AT&T Will Display Fake 5G Logo on Devices

AT&T Will Display Fake 5G Logo on Devices

AT&T plans to start lying to customers in the near future by claiming that the service they’re receiving is, by some metric, 5G. It will do this by displaying a “5G E” logo in the corner of devices, in which the “E” stands for 5G Evolution. What’s 5G Evolution? It’s exactly the same service as you get right now.

That’s according to FierceWireless, which contacted AT&T to ask about the plans. AT&T confirmed that customers in markets with 4G LTE technology like 4×4 MIMO and 256 QAM will start seeing the 5G E logo instead.

“If they have one of the latest Android devices and it connects to a tower that’s enabled with 5G Evolution, they’ll soon see a “5G E” indicator pop up on their screen,” an AT&T spokesperson wrote in response to questions from FierceWireless. “Initially we’ll roll this out on a handful of devices, with more devices showing the indicator in spring 2019.”

5G is a complex, evolving standard with a lot of moving parts.
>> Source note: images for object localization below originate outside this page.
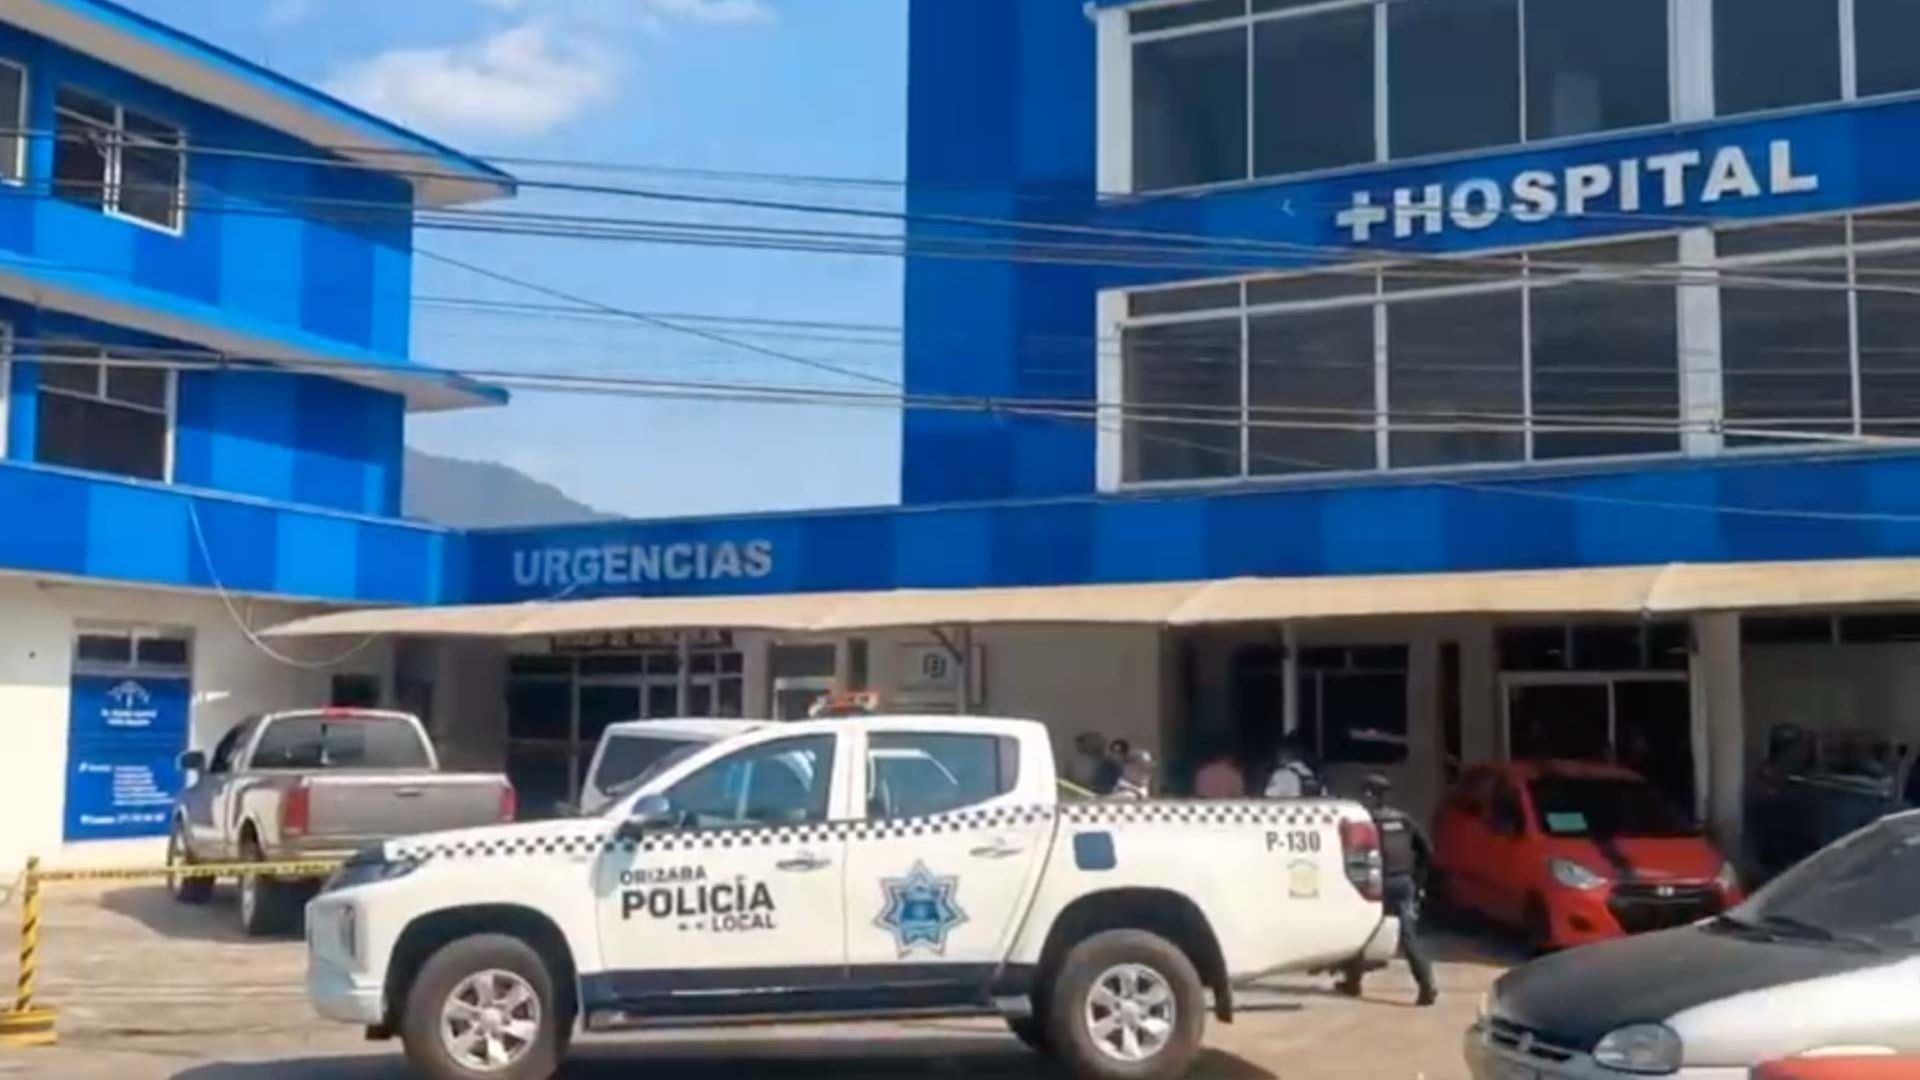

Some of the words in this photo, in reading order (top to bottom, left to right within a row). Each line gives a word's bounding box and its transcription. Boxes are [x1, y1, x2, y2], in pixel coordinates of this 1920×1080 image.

[1394, 140, 1818, 237] HOSPITAL
[513, 539, 773, 586] URGENCIAS
[1266, 831, 1321, 852] P-130
[620, 865, 707, 885] ORIZABA
[622, 874, 775, 919] POLICÍA
[712, 913, 776, 932] LOCAL
It uses much larger frequency bands, in aggregate, than 4G LTE ever did. The standard is designed to give companies a path forward from LTE to 5G over a period of time, and to allow for the introduction of faster service as well as to bring connectivity to a much larger class of devices than previously possessed it. 5G, in a word, is complicated.

The AT&T 5G E logo
The AT&T 5G E logo

But “complicated” doesn’t mean there aren’t technologies that are and aren’t 5G. We went through this crap with the 4G logo, which doesn’t actually mean “4G” at all, but instead referred to HSPA+. It was a lie when Sprint, T-Mobile, and AT&T advertised these devices as supporting 4G (which was then understood to mean a genuine next-generation data standard), and it’ll be a lie when AT&T rebrands its devices to call them 5G E. The performance and overall capabilities of LTE were an order of magnitude removed from what was branded as 4G. This will also be true in the coming year as well.

Companies are taking these steps because they want to market devices and networks as “5G” without actually doing the work to create the products that would justify the marketing. AT&T’s 5G E will sit next to its “5G+” offering (that’s reserved for the 5G service that launched last week with partial service in 12 cities if you invest in a ludicrous $500 hotspot and feel like giving AT&T $70 a month for 15GB of data).

Off to a rousing start thus far, guys. Seriously.